* _Task directions_
The answer is to contain only the line containing "Some of the words" and the lines after it through the last one, each reproduced exactly as it appears below.

* _Records to use_
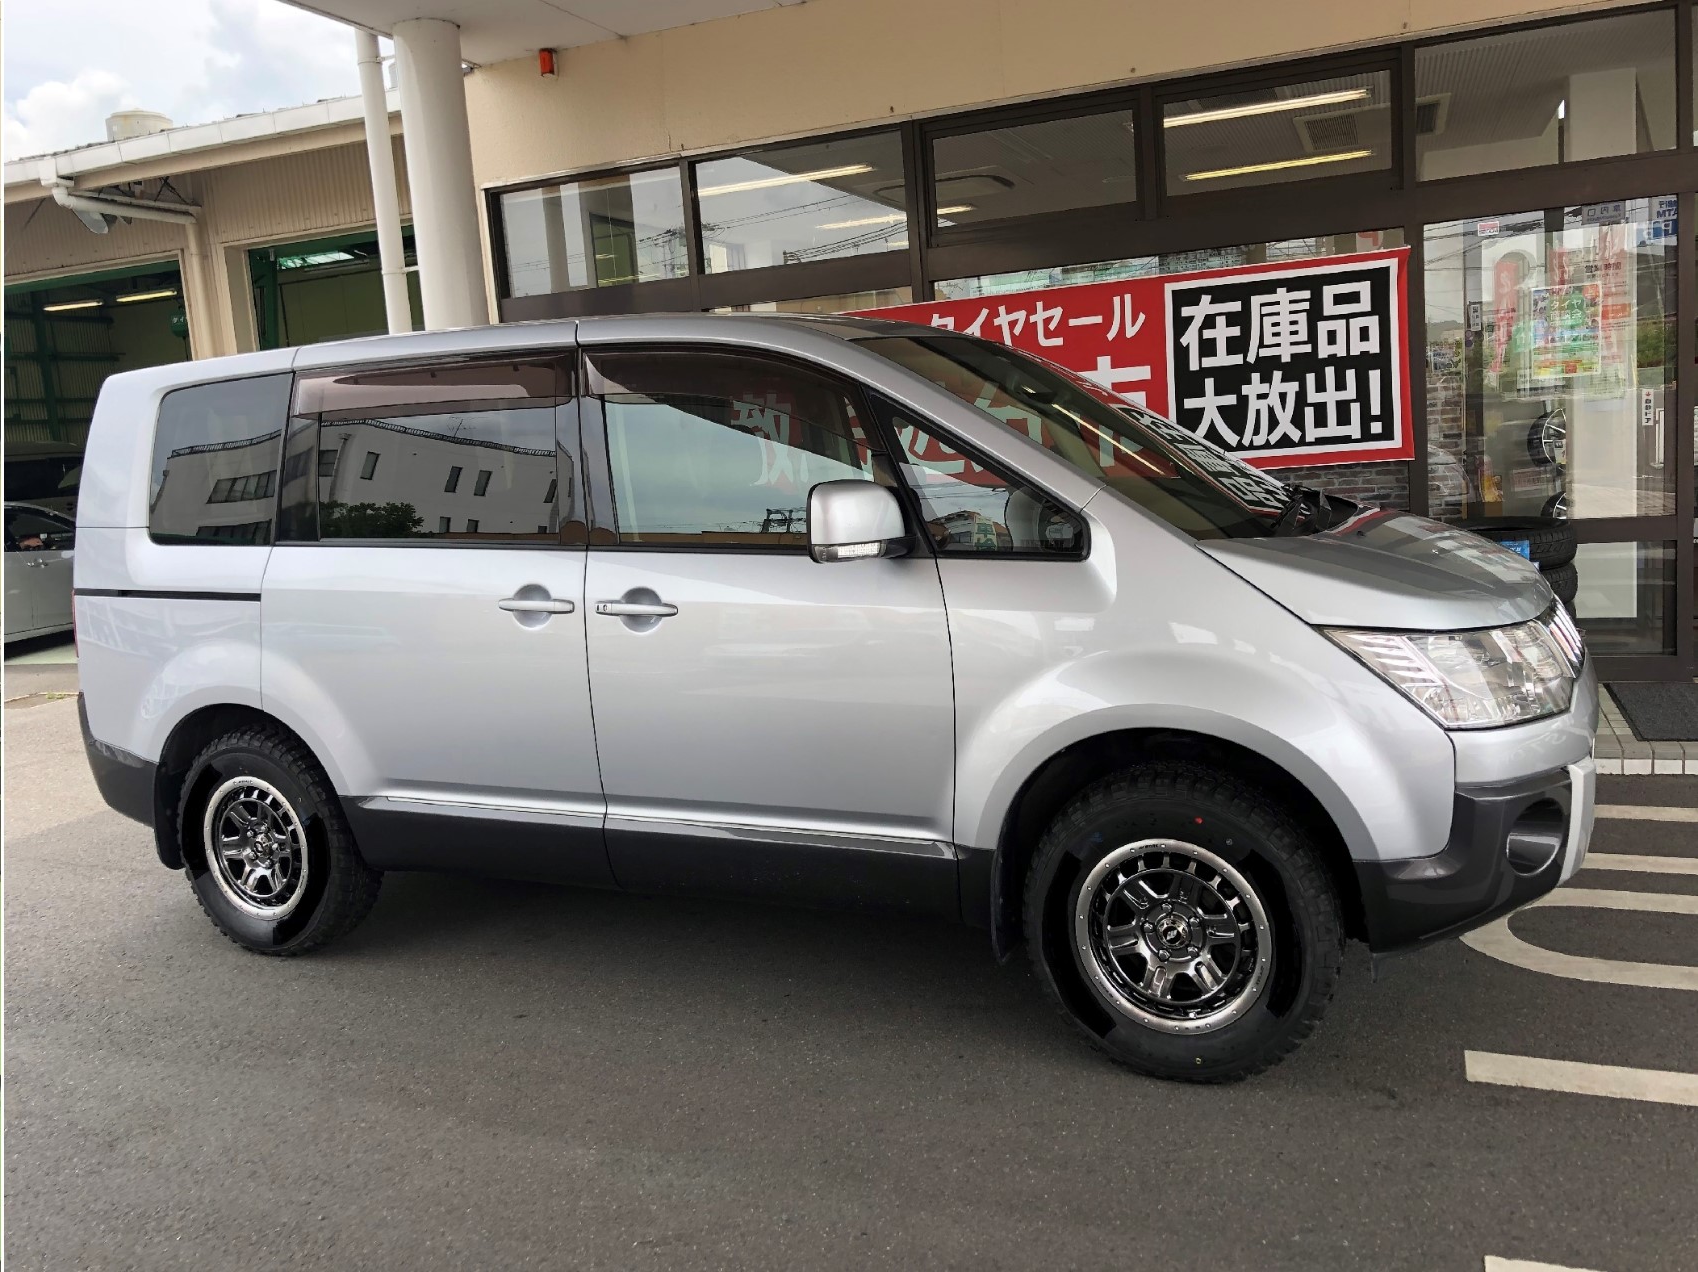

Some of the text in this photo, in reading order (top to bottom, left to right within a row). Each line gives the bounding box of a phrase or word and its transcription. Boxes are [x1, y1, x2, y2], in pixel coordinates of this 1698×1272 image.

[1179, 280, 1380, 372] 在庫品
[1182, 366, 1383, 448] 大放出!
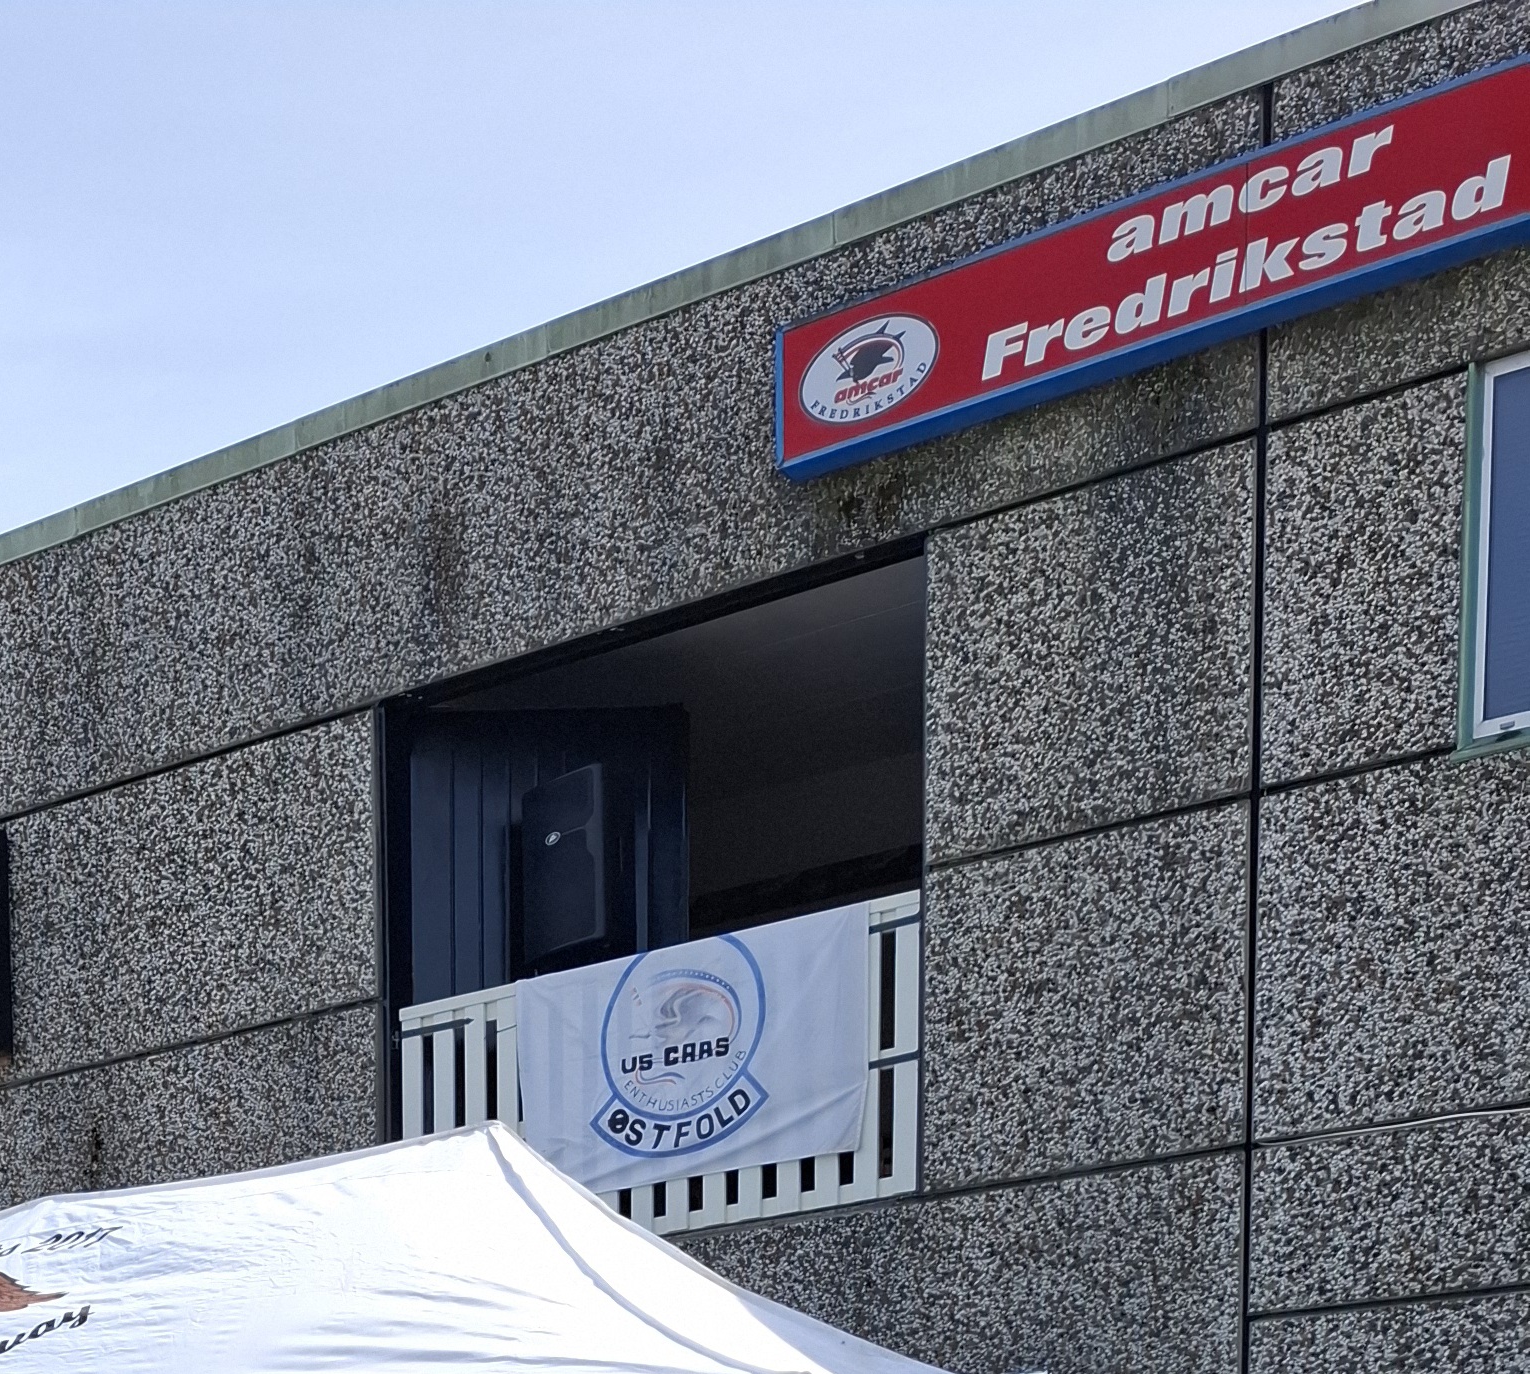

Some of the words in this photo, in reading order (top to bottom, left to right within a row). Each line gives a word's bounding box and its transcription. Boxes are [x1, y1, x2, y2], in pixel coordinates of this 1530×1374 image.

[1106, 123, 1395, 264] amcar
[980, 153, 1513, 382] Fredrikstad
[810, 362, 927, 420] FREDRIKSTAD
[834, 367, 903, 404] amcar
[621, 1053, 654, 1074] US
[663, 1036, 730, 1067] CARS
[713, 1047, 748, 1094] CLUB
[608, 1086, 751, 1151] ØSTFOLD

* _Task solution_
Some of the words in this photo, in reading order (top to bottom, left to right within a row). Each line gives a word's bounding box and its transcription. Boxes are [x1, y1, x2, y2], in pixel coordinates of this 1530×1374 image.

[1106, 123, 1395, 264] amcar
[980, 153, 1513, 382] Fredrikstad
[810, 362, 927, 420] FREDRIKSTAD
[834, 367, 903, 404] amcar
[621, 1053, 654, 1074] US
[663, 1036, 730, 1067] CARS
[713, 1047, 748, 1094] CLUB
[608, 1086, 751, 1151] ØSTFOLD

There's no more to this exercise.